The writers themselves were great, very humble. They exposed their story without vanity or self-indulgence. I clicked with some, more than others, especially Claude Lalumiere who seemed to share some of my ideas on writing. I say often that you need humility in order to get good at something. If there is a parrallel to trace in between fighting and writing, it's that you need to go through a thousand failures in order to achieve one success. I was sitting with fifty other people walking through the desert of failures with me and apparently not coping as well as I was with the hunger for success. The pain is always lesser when you don't have anyone mirroring it to you.
Things went downwhill when the question period kicked off. First person on bat was a middle aged woman with a spring in her buttocks, waiting to fire off:
"I HAVE WRITTEN A MEMOIR ABOUT MY LIFE, I SELF-PUBLISHED, I SOLD 250 COPIES, I DON'T KNOW WHY NO ONE WANTS TO PUBLISH ME *breathes in* I ONLY HAD GOOD COMMENTS, PLEASE TELL ME WHY PEOPLE DON'T WANT TO PUBLISH IT, IT'S GOOD *breathes out*"
That's the kind of questions they had. I felt really bad for the writers who had to fend off broken dreams more than talk of themselves and their road to success. People in the audience were infuriating, they had no respect for the writers, they seemed jealous more than happy to talk with them. The "why-did-they-pick-you-instead-of-me" attitude. Because they were more humble I guess. I tried to break the cycle that was making up spiral downwards into our impending doom by asking a question about how they balanced editing into that writing process, which is something I find self-destructive at times. I have two failed novel projects to account for this.

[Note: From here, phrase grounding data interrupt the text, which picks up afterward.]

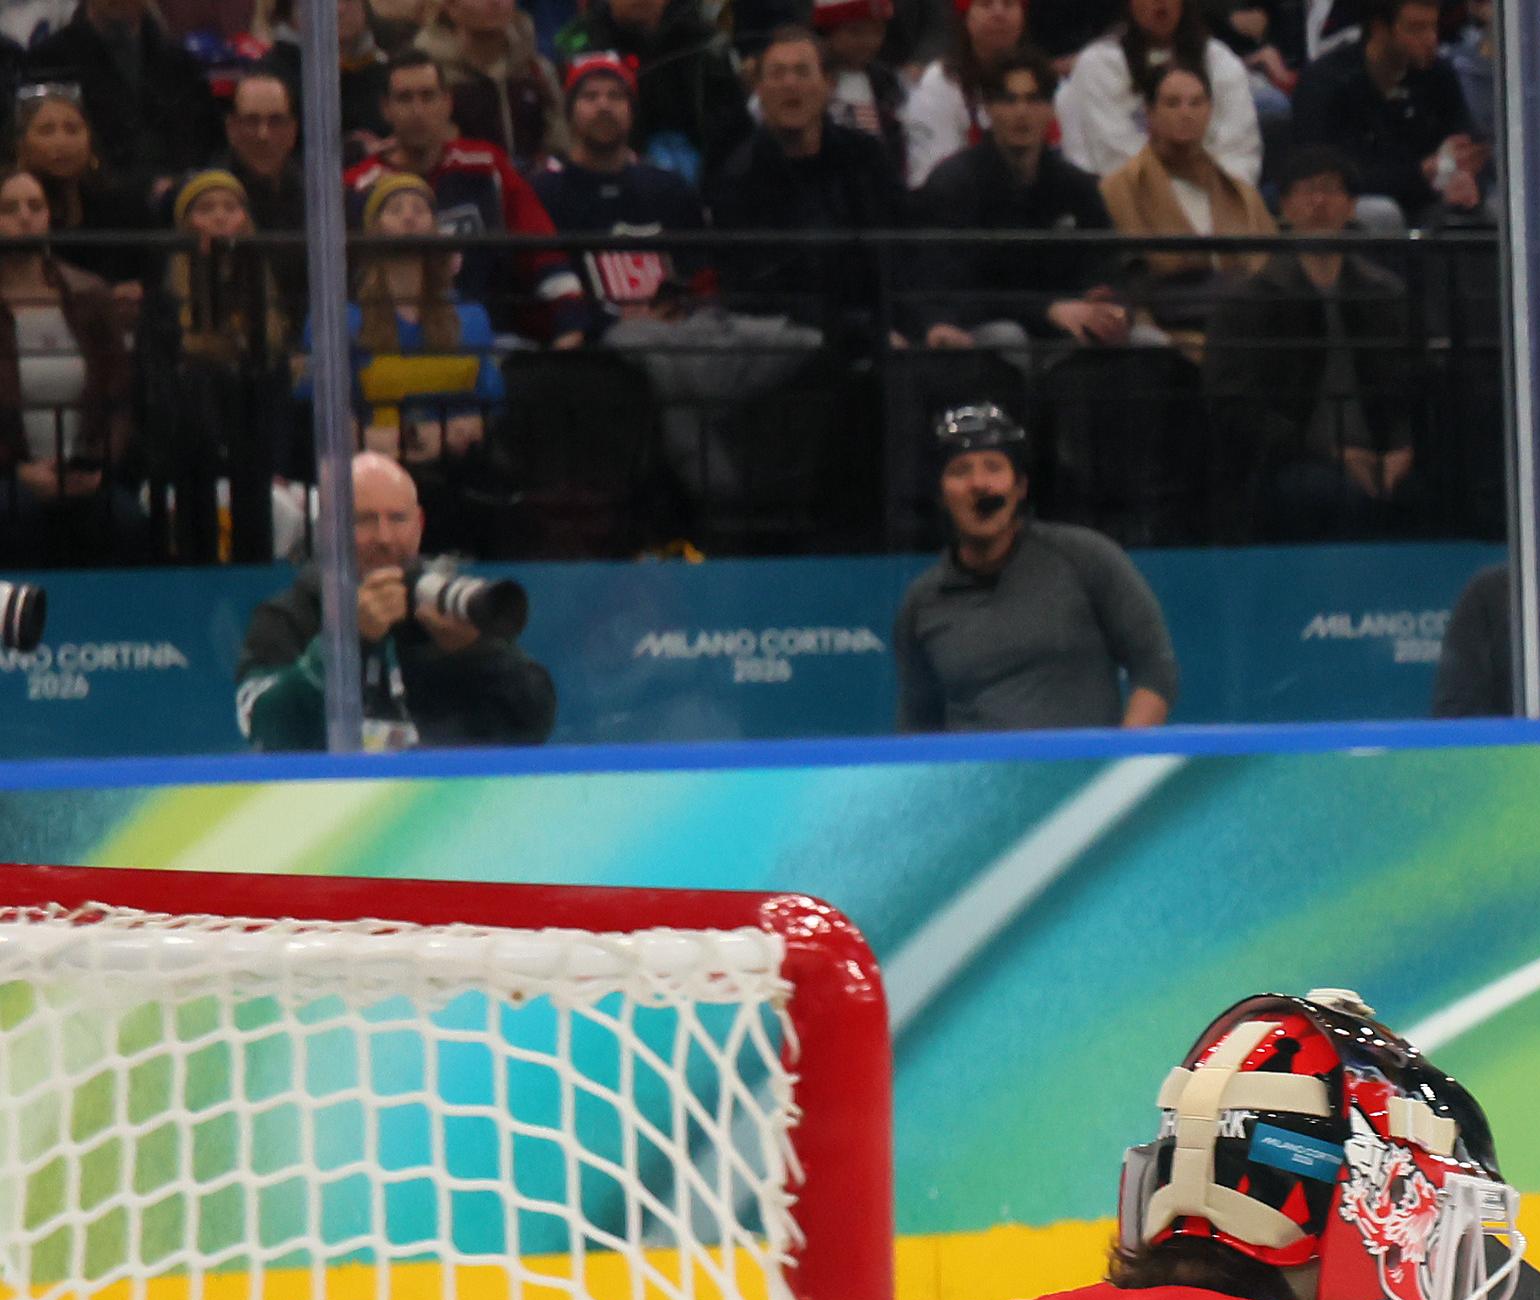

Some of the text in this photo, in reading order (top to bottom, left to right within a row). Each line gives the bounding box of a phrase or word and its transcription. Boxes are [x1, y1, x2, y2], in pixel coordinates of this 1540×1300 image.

[1301, 611, 1415, 640] MILANO
[57, 642, 189, 671] CORTINA
[633, 627, 886, 658] MILANO CORTINA
[28, 671, 89, 699] 2026
[733, 657, 792, 684] 2026

John Calabro didn't quite understand the question and though it was dumb. "I completely disagree" right off the bat, in polite language can be decoded as: "You're dumb, but here's how you do this..." As I was debating the fact of whether to tell him or not that I thought it was incredible to meet an Italian person with the word "bro" at the end of his name, Claude Lalumiere caught on to my question and basically told me that I was on the right track. Writing is a question of time, dedication and patience. Knowing that my method (writing at first draft, THEN editing and getting feedback) can work, I feel better going on with "Solace". He also said that a lot of writers had a lot of crap to writer before getting good. Maybe that's what Dead End Follies is for. Filtering the gnarly stuff and occasionally producing gems since 2009.
There was this woman sitting next to me (grey head also), she was wielding the notebook like Paganini on his violin. Back when I was in school, I always felt bad to take less notes than the possessed chick in front of me, but when I peeked over her shoulder to see what she wrote, I understood that despair and retardation had met and crushed her soul:
-LAWYER, NEW YORK
-SEAK
-QWF
-WRITER, LAWYER, ARTISTIC
-NOVELLA, QUATTRO
-BUTTER, TUNA, MILK
-DON IS A TIRE
-DA DA DEE DA LA DA
She was willing to sell her soul to find the magic trick that would land her a publication deal. I don't know if she has one or ten manuscripts ready, but she was looking for something magic that would give her recognition. She(and everybody in the room) betrayed Sgt. Brown's rule applied to writers: "Story, Readers, Me". That was sad. I was sad when I left this place. I would've had a coffee with Lalumiere and I would've got the same result. I'm going to check out his Objects Of Worship book. I should check out of this mentorship thing with the QWF too. I'm not successfull yet, neither could I call myself a writer, but I know something from now on. I'm not a worldly writer.